What are efficient algorithms for high-dimensional optimal transport?

High-dimensional optimal transport is computationally challenging because the classical Monge–Kantorovich formulation leads to a linear program whose cost grows rapidly with the number of sample points. This curse of dimensionality forces algorithm designers to accept approximations or structural assumptions. Practical, efficient approaches therefore emphasize regularization, dimensionality reduction, or low-rank structure to make comparisons of probability distributions feasible in machine learning, imaging, and environmental modeling.

Entropic regularization and the Sinkhorn algorithm

A transformative practical idea is entropic regularization, introduced for computation by Marco Cuturi at Google. By adding an entropy penalty to the optimal transport objective, the problem becomes strictly convex and solvable by matrix scaling iterations known as the Sinkhorn algorithm. This yields substantial speedups and GPU-friendly implementations used in large-scale machine learning. Entropic regularization trades bias for speed: the solution is smoother than the exact transport plan, which can be acceptable or even desirable in noisy applications such as color transfer in imaging. Gabriel Peyré at CNRS and École normale supérieure and Marco Cuturi summarize these techniques and their numerical behavior in their textbook Computational Optimal Transport. The main consequence is that many previously intractable OT problems become tractable for sample sizes encountered in practice, but users must be aware that entropic smoothing can blur fine transport structure and requires careful tuning of the regularization parameter.
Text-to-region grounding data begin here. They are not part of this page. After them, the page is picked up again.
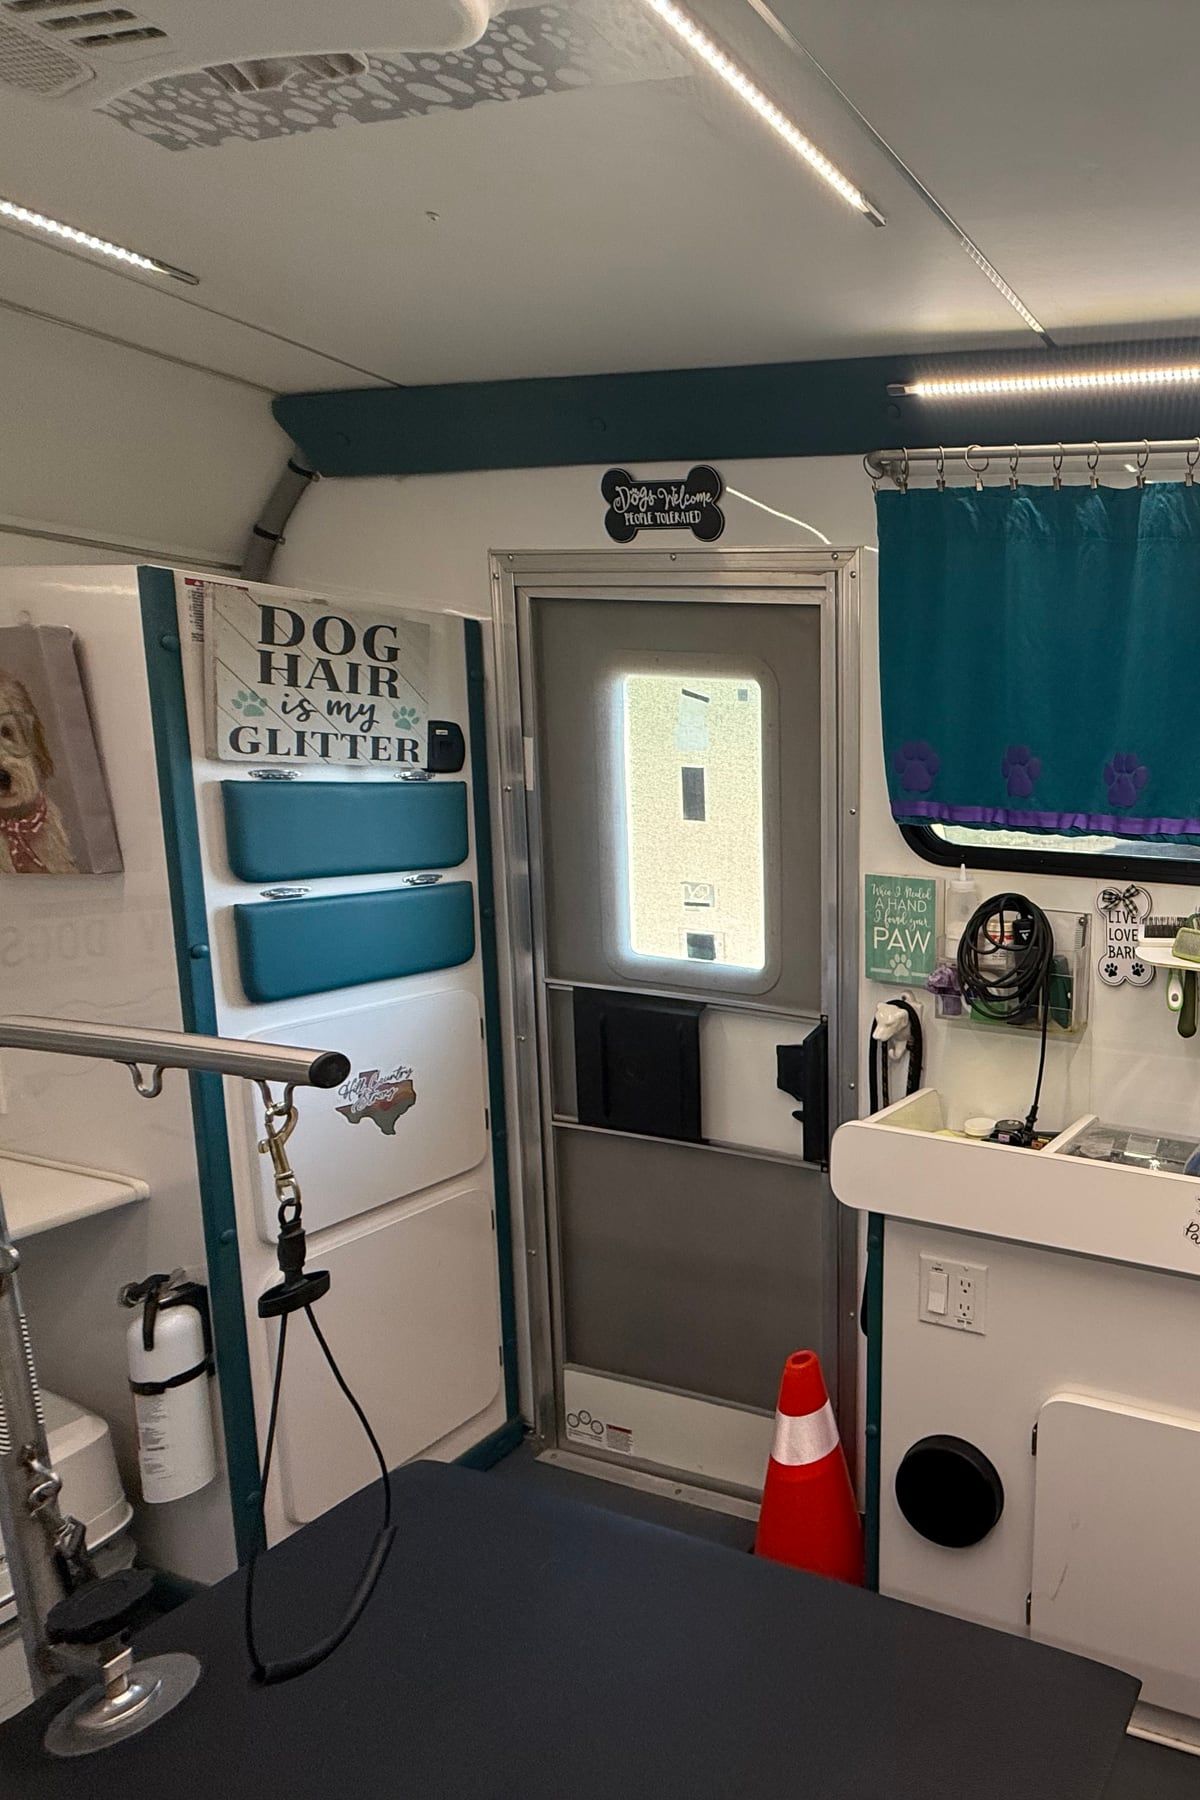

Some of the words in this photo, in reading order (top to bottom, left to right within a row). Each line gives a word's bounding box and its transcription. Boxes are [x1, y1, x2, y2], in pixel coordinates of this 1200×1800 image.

[613, 486, 657, 513] Dogs
[657, 484, 713, 510] Welcome
[624, 511, 654, 526] PEOPLE
[655, 510, 702, 525] TOLERATED
[257, 603, 401, 663] DOG
[257, 649, 401, 699] HAIR
[281, 693, 317, 722] is
[326, 699, 380, 733] my
[229, 725, 421, 763] GLITTER
[875, 897, 884, 909] A
[887, 897, 927, 913] HAND
[1108, 910, 1138, 925] LIVE
[874, 909, 881, 923] I
[885, 908, 908, 929] found
[909, 918, 931, 932] your
[873, 926, 931, 954] PAW
[1108, 928, 1139, 942] LOVE
Projection, stochastic and low-rank approximations

When dimension itself is the obstacle, projection-based methods such as the Sliced Wasserstein family reduce high-dimensional OT to many one-dimensional problems by random projections, enabling linear-time computation per projection and robustness in high dimensions. Justin Solomon at MIT and collaborators have developed geometric approaches linking OT to PDEs and diffusion processes that also inspire fast approximations for structured domains. Stochastic optimization and mini-batch strategies adapt ideas from empirical risk minimization to OT, using Monte Carlo estimates of gradients with respect to transport costs to scale to large datasets. Another practical route is low-rank or Nyström approximations of the kernel matrices that appear in entropically regularized OT; these reduce memory and compute while preserving the main transport modes, as discussed in the computational OT literature by Gabriel Peyré and others.
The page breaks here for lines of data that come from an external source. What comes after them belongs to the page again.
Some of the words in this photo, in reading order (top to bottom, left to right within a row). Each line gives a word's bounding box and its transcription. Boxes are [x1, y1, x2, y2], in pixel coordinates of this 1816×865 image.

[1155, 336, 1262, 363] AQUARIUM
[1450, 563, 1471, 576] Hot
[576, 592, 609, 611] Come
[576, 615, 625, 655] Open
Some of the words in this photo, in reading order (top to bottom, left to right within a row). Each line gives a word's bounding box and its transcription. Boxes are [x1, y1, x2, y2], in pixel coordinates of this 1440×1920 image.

Understanding causes and consequences helps practitioners choose methods: entropic methods are efficient and smooth solutions; projection methods preserve sharper features when many projections are used but can miss anisotropic structure; low-rank techniques exploit redundancy in the data but depend on effective basis selection. In environmental and territorial applications—such as modeling species-range shifts or resource redistribution—these algorithmic choices affect policy-relevant outputs. Theoretical foundations provided by Cédric Villani at Université Claude Bernard Lyon 1 and computational advances by researchers at institutions including Google, CNRS, École normale supérieure, and MIT together ensure that optimal transport can now be applied at scales and dimensions previously out of reach, while practitioners must balance accuracy, interpretability, and computational constraints.